(2 of 3)
Then there are geography, income and race. For instance, the term suttin (a variant of something) has been associated with Boston-area tweets, while the acronym ikr (an expression meaning "I know, right?") is popular in the Detroit area. Tweets containing the word awesome, one study showed, are more likely to emanate from wealthy neighborhoods. Emoticons often appear in tweets sent from areas with a large Hispanic population.

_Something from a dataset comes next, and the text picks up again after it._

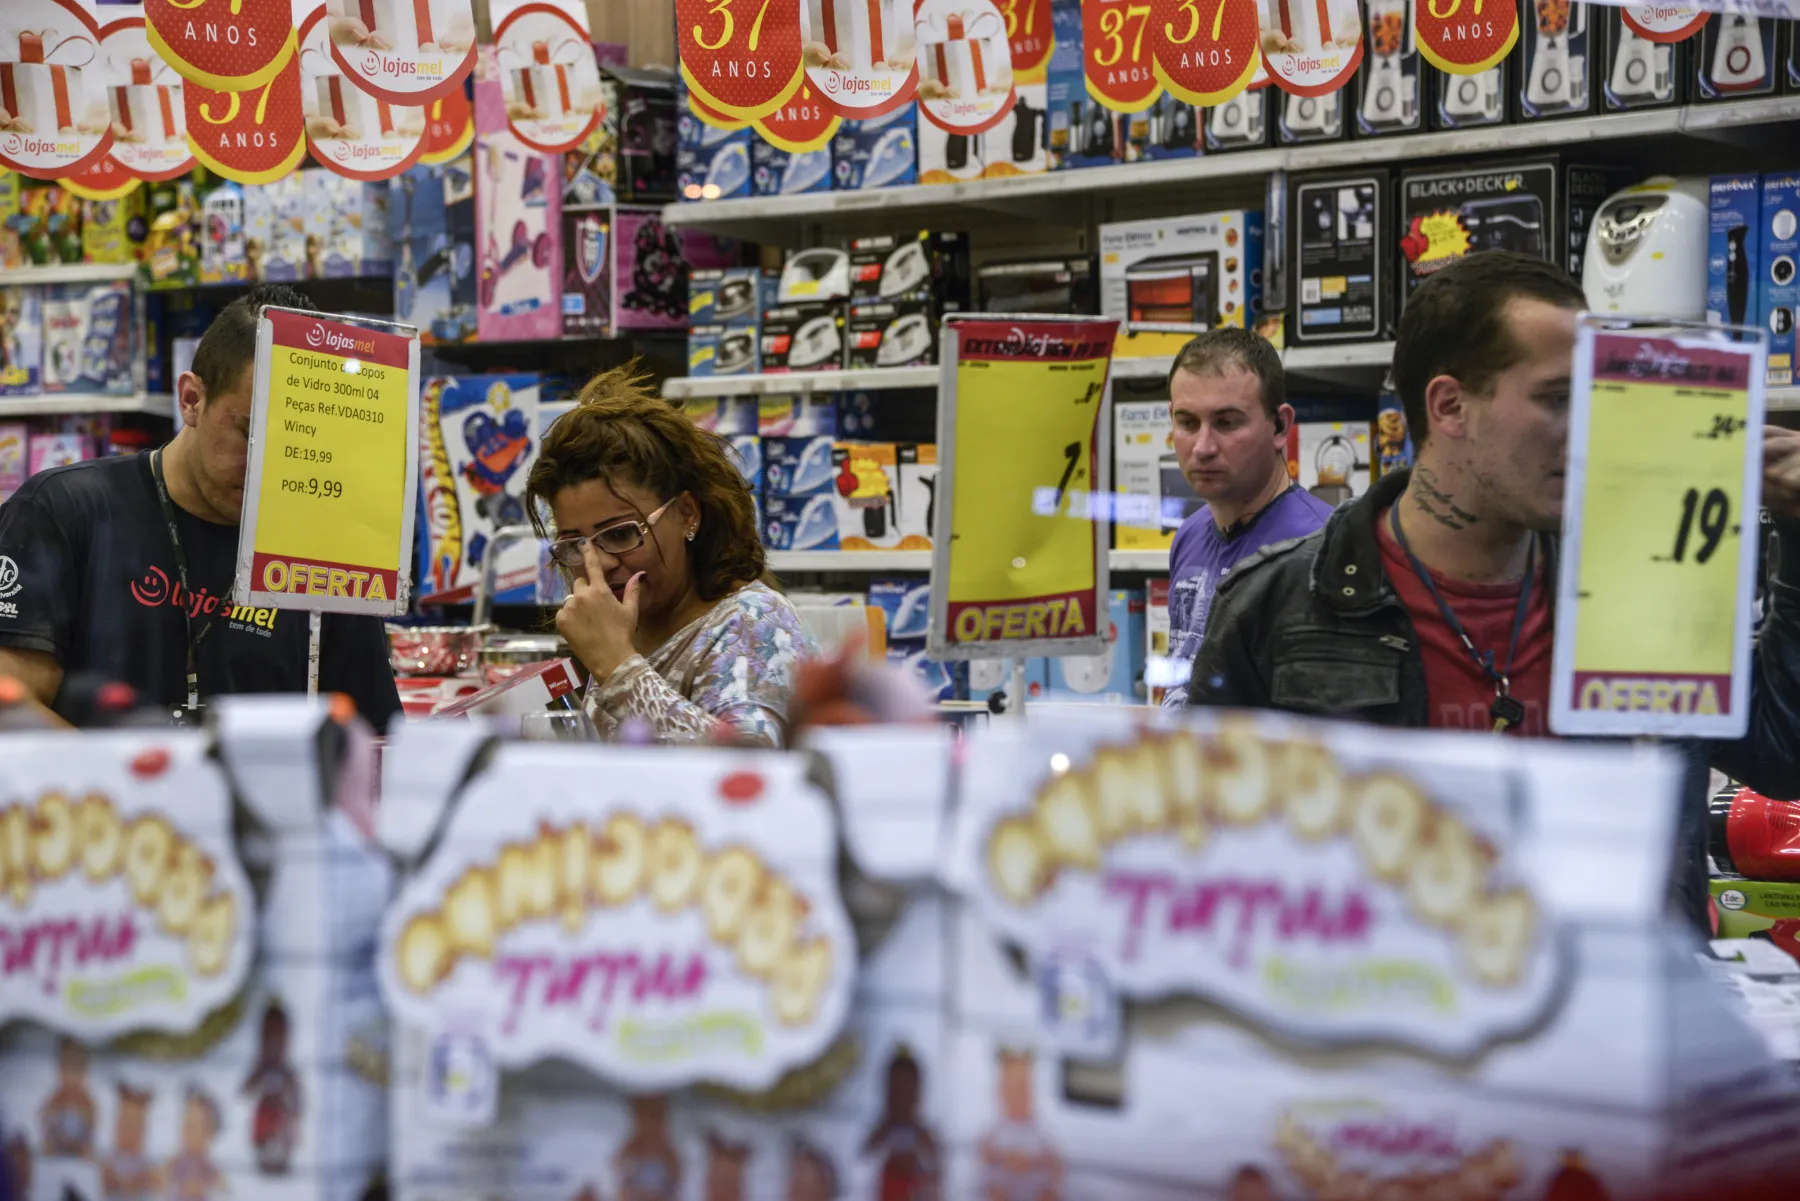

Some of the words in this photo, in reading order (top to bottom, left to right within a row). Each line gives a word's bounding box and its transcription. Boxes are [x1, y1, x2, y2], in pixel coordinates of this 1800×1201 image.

These facts may seem frivolous. But research like this provides insights into how people purposefully and unwittingly use words to signal who they are. "Language is really a window into people's sense of personal identity," Eisenstein says. Tweet trends also make it possible to guess the demographics of senders when no information is explicitly provided--a huge asset for anyone trying to use Twitter to sell products, get out a message or collect statistics. For example, researchers at the Mitre Corp., a nonprofit science and technology group, came up with an algorithm that could correctly determine someone's sex 75% of the time on the basis of just their tweets. It outperformed humans, at a much faster speed. "We can't personally read all the tweets," says Carnegie Mellon professor Noah Smith, who has used Twitter to study economic confidence and presidential approval rates. "But you can write a computer program."
Smith--a specialist in natural language processing--and Eisenstein are researching the diffusion of new words, a pursuit that was much more painstaking in the pre-Internet days. Using Twitter, their team is constructing what Smith describes as "subway maps around the United States showing where words tend to move." What they've found is that race may matter as much as geography. A term coined in Jackson, Miss., for instance, might turn up in Memphis--both places that have a high percentage of African Americans--but not spread to Nashville, where the majority is white. Other researchers are following trails of tweets to investigate how rumors and urban legends change as they're passed from person to person.
Tweeters are generally oblivious to the possibility that their messages might be scrutinized, which is a boon to researchers who want to analyze natural speech rather than the kind of edited text you find in the pages of a magazine. "They don't feel like they're being observed by people in white lab coats," Smith says. "They really are just doing their thing." But that presents an ethical quandary too. Even if tweets are meant to be public--and are presented anonymously in academic papers--tweeters typically aren't consenting to be part of a study. As Zimmer says, "It's a gray area."
The data also has drawbacks. Though Twitter users number more than 200 million, they are not a random sample; they skew young and urban. People can lie about themselves. And no matter how much information academics can guess at, there are details--like income and education level--that they'd be able to get in a traditional study but can't get from a microblog. "When you're using these brute-force techniques of data collection, the picture of the individual gets lost," says Zimmer.